In high school she was voted Girl Most Likely to Succeed as an Actress. Carson told her mother she was going to be on Broadway. Before she achieved that goal, she attended Carnegie Mellon University in Pittsburgh, Pennsylvania,

Stage 
Carson's early theatrical work included acting in productions of the Kanawha Players. She made her Broadway debut in George S. Kaufman's Bravo (1958). Her other Broadway work included Anniversary Waltz with Macdonald Carey, Two Blind Mice with Melvyn Douglas, and Bird Cage, which garnered her a Tony Award nomination.

Television 

Carson went on to appear in many pioneering television series, including Studio One, NBC Presents, The Twilight Zone (as Paula in "A Most Unusual Camera", a part written especially for her by Rod Serling) and The Ford Theatre Hour.

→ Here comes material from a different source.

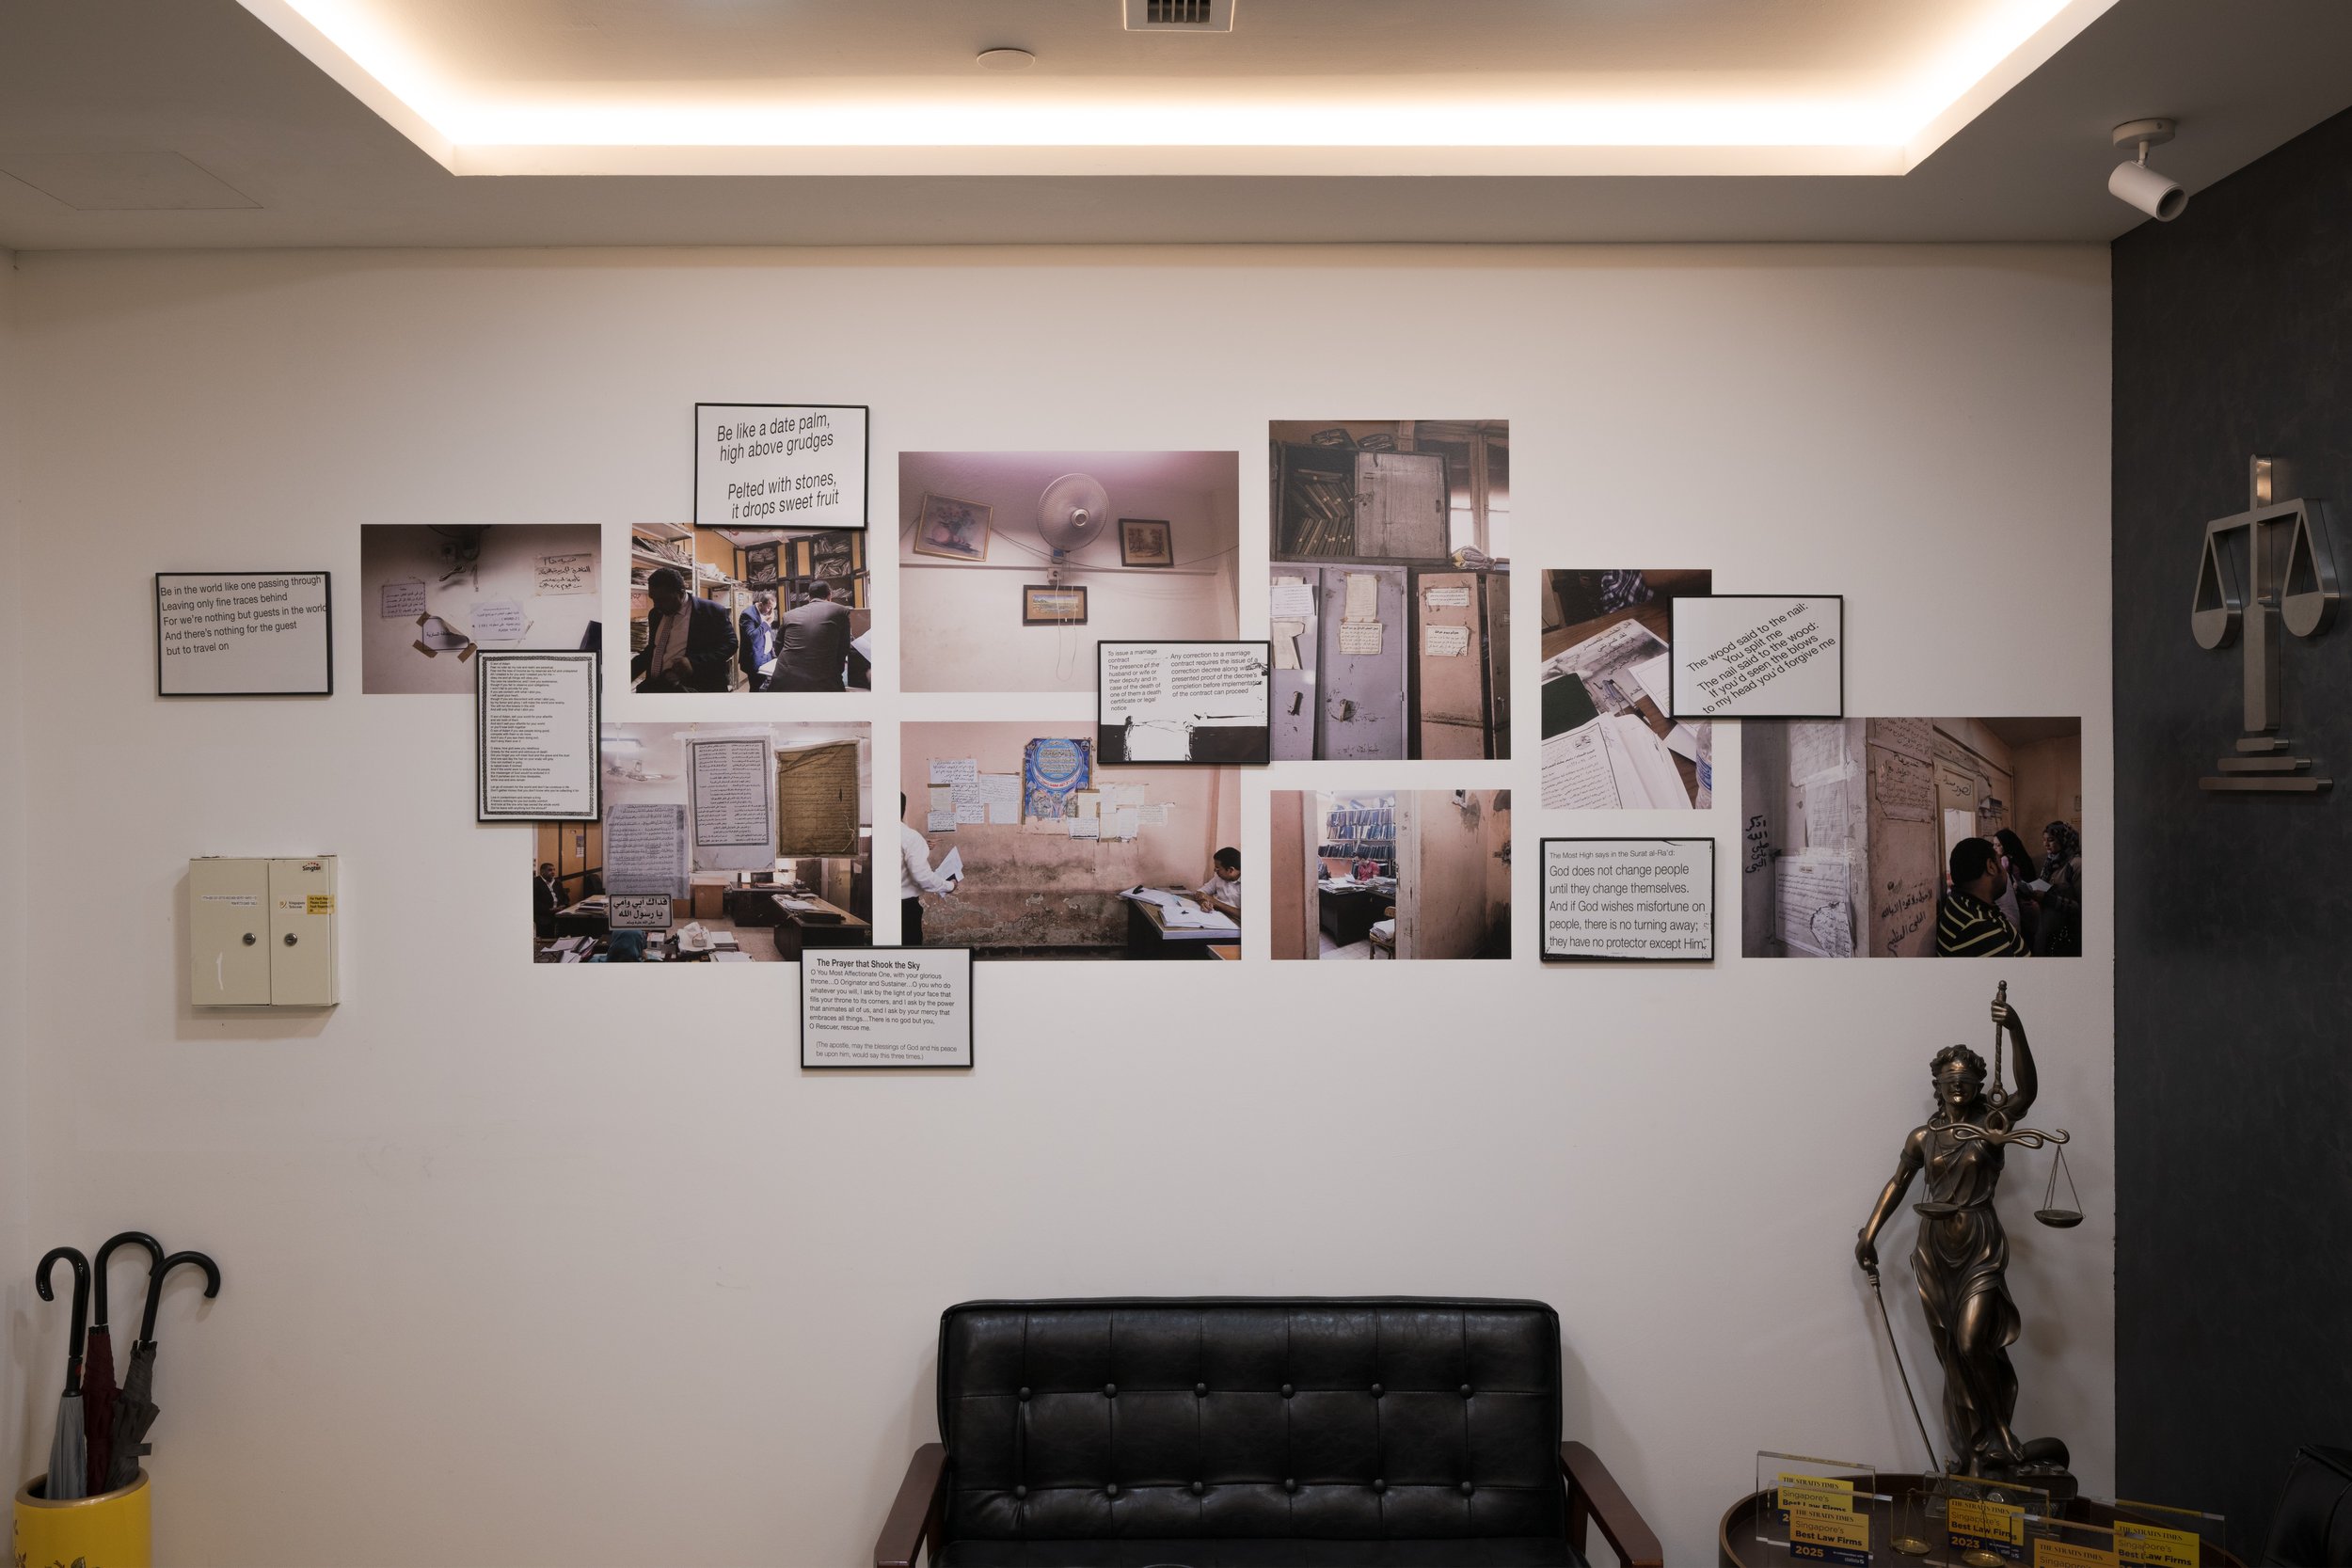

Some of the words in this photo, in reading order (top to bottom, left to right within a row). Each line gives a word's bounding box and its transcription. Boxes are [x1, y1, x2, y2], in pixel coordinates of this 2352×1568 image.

She continued to make guest starring appearances throughout the 1950s, including Paula in Peter Gunn in 1958 as well as a regular role on 1959's The Betty Hutton Show. (Carson described Hutton as a "foulmouthed old biddy" and said that was the only acting experience she did not enjoy.) 

She played the part of a saloon owner  (Maggie) who takes in an orphan in season 1 episode 9 of the series Sugarfoot in 1958.

On The Andy Griffith show, Carson had a brief role as Naomi in a 1962 episode ("Convicts At Large" with Jane Dulo and Reta Shaw), but her most popular role was Daphne, one of the "fun girls", who appeared with Joyce Jameson on a recurring basis from 1962 to 1965. Daphne was a notorious flirt who greeted her objects of affection with a throaty "Hello Doll".

In February 1964, she had a featured role as a nosy neighbor in "The Case of the Bountiful Beauty", season 7, episode 17 of Perry Mason.

Film 
Carson had roles in films such as 1955's The Phenix City Story and 1958's I Married a Monster from Outer Space. Carson felt she was typecast by some of these roles ("I'm what you call a 'second woman' or 'second tomato.' They never get the man." ).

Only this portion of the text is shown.